### Input material
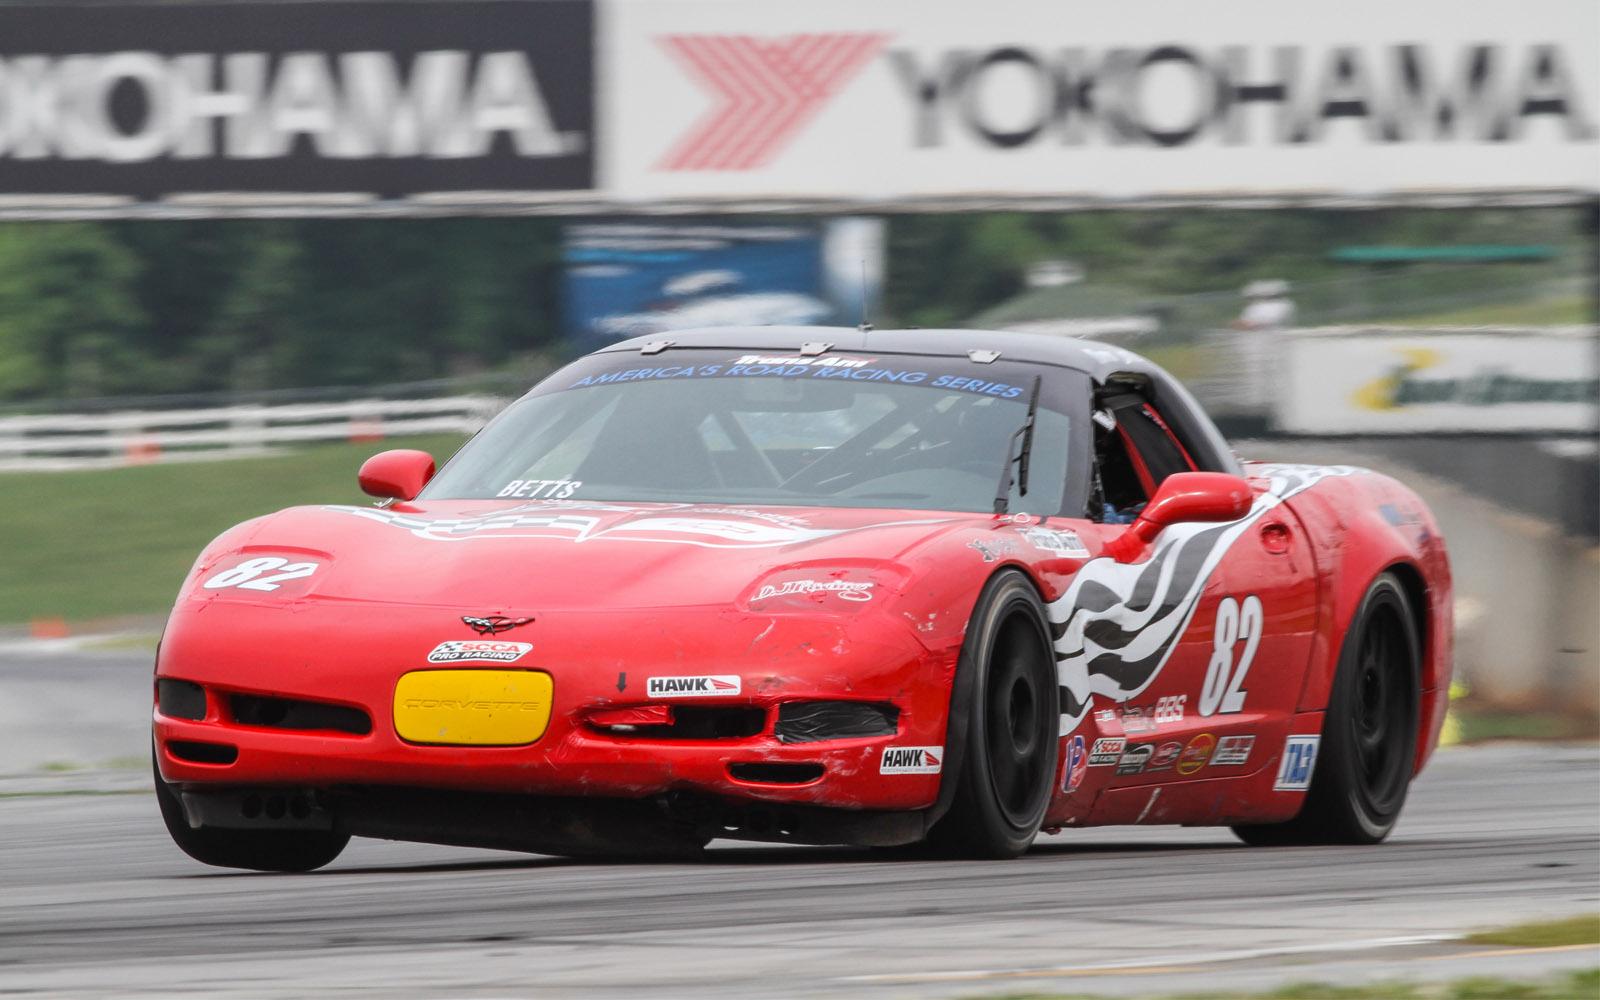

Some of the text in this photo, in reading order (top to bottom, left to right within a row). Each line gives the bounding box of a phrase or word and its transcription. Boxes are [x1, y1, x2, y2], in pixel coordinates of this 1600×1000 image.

[888, 43, 1597, 149] YOKOHAMA
[567, 364, 1025, 399] AMERICA'S ROAD RACING SERIES
[495, 479, 583, 499] BETTS
[203, 557, 320, 592] 82
[431, 651, 517, 660] PRO RACING
[461, 643, 520, 652] SCCA
[1197, 595, 1264, 717] 82
[650, 678, 708, 692] HAWK
[403, 698, 540, 712] CORVETTE
[1154, 694, 1188, 723] BBS
[883, 749, 924, 767] HAWK
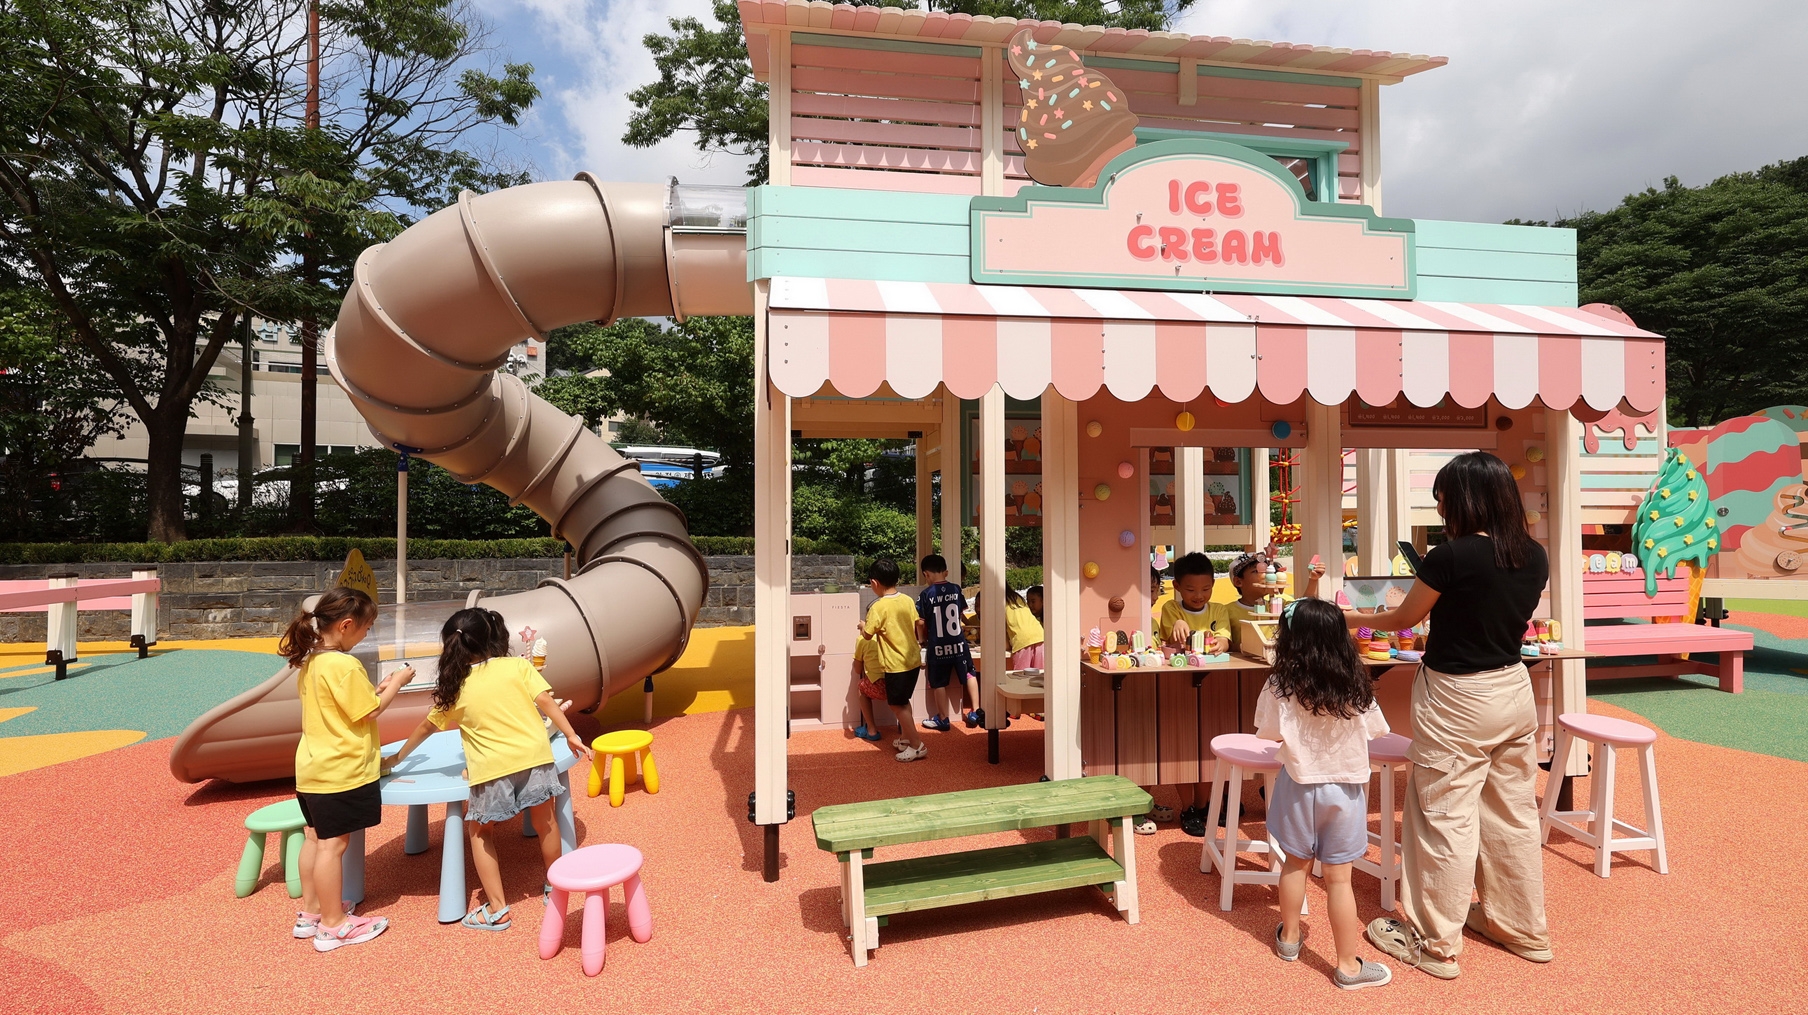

### What to do
Each entry is to be written out again word for word, and any pictures are to be omitted.

### Exercise response
Some of the text in this photo, in reading order (top to bottom, left to right within a row). Each line gives the bounding box of a phrase or word and its transcription. Boxes are [x1, y1, x2, y2], in pixel coordinates of this 1600×1000 image.

[888, 43, 1597, 149] YOKOHAMA
[567, 364, 1025, 399] AMERICA'S ROAD RACING SERIES
[495, 479, 583, 499] BETTS
[203, 557, 320, 592] 82
[431, 651, 517, 660] PRO RACING
[461, 643, 520, 652] SCCA
[1197, 595, 1264, 717] 82
[650, 678, 708, 692] HAWK
[403, 698, 540, 712] CORVETTE
[1154, 694, 1188, 723] BBS
[883, 749, 924, 767] HAWK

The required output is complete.